The Pamplin Media Group (PMG) is a media conglomerate owned by Robert B. Pamplin, Jr. and operating primarily in the Portland metropolitan area in the U.S. state of Oregon. As of 2019, the company owns 25 newspapers and employs 200 people.

History 
The Portland Tribune newspaper, founded by Pamplin in 2001, is the largest newspaper in the group. PMG also includes a group of newspapers formerly known as Community Newspapers, Incorporated, serving the Portland area. Most of them are published once a week. The company launched the Hillsboro Tribune in September 2012. As of 2009, it owned newspapers in Multnomah, Washington, Clackamas, and Columbia counties. On January 8, 2013, it bought five newspapers from Eagle Newspapers, Inc. in the Portland area (Canby Herald, Wilsonville Spokesman, Molalla Pioneer, The Newberg Graphic, and the Woodburn Independent), along with The Madras Pioneer in Central Oregon. In June 2013, it also purchased the Central Oregonian from Eagle.

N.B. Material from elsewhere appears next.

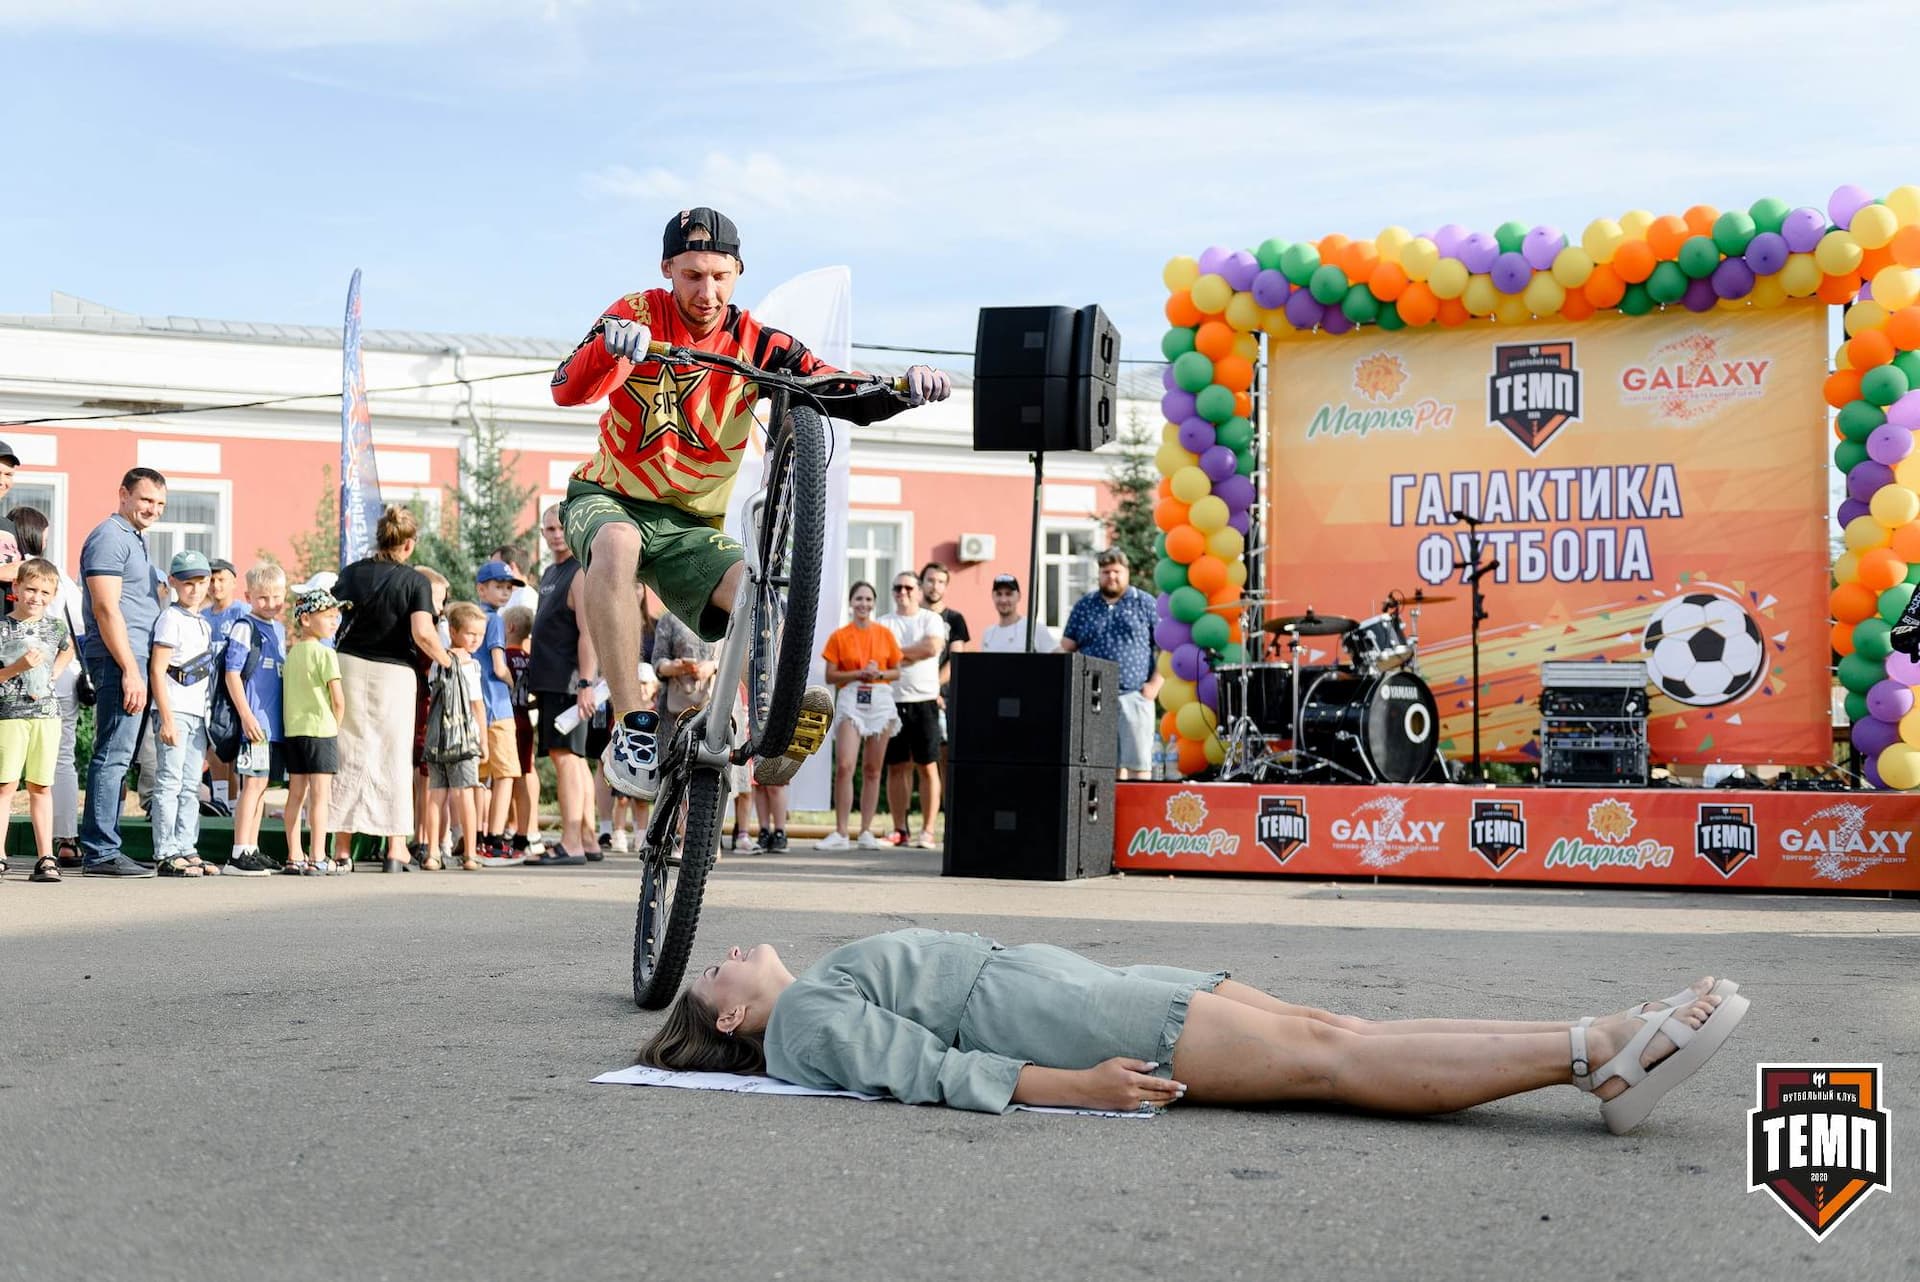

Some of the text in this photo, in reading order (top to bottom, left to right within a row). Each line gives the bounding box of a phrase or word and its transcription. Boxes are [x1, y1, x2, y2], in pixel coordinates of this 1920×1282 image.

In 2014, Pamplin partnered with the EO Media Group, which publishes the East Oregonian and several other weekly and monthly publications in Oregon, to form the Oregon Capital Bureau and publish the Oregon Capital Insider newsletter. The partnership came as the number of reporters assigned to state capital bureaus nationwide was on the decline. 

In 2018, the newly-launched Salem Reporter joined the bureau, and its publisher, Les Zaitz, was assigned to lead its three reporters. The Salem Reporter left the cooperative in early 2020 and Zaitz left the operation. The Oregon Capital Bureau as of late winter 2020 includes just the EO Media Group and Pamplin.

On July 19, 2022, digital editor Geoff Pursinger published a column announcing Pamplin would no longer host online comments on the articles published to its websites starting Aug. 1.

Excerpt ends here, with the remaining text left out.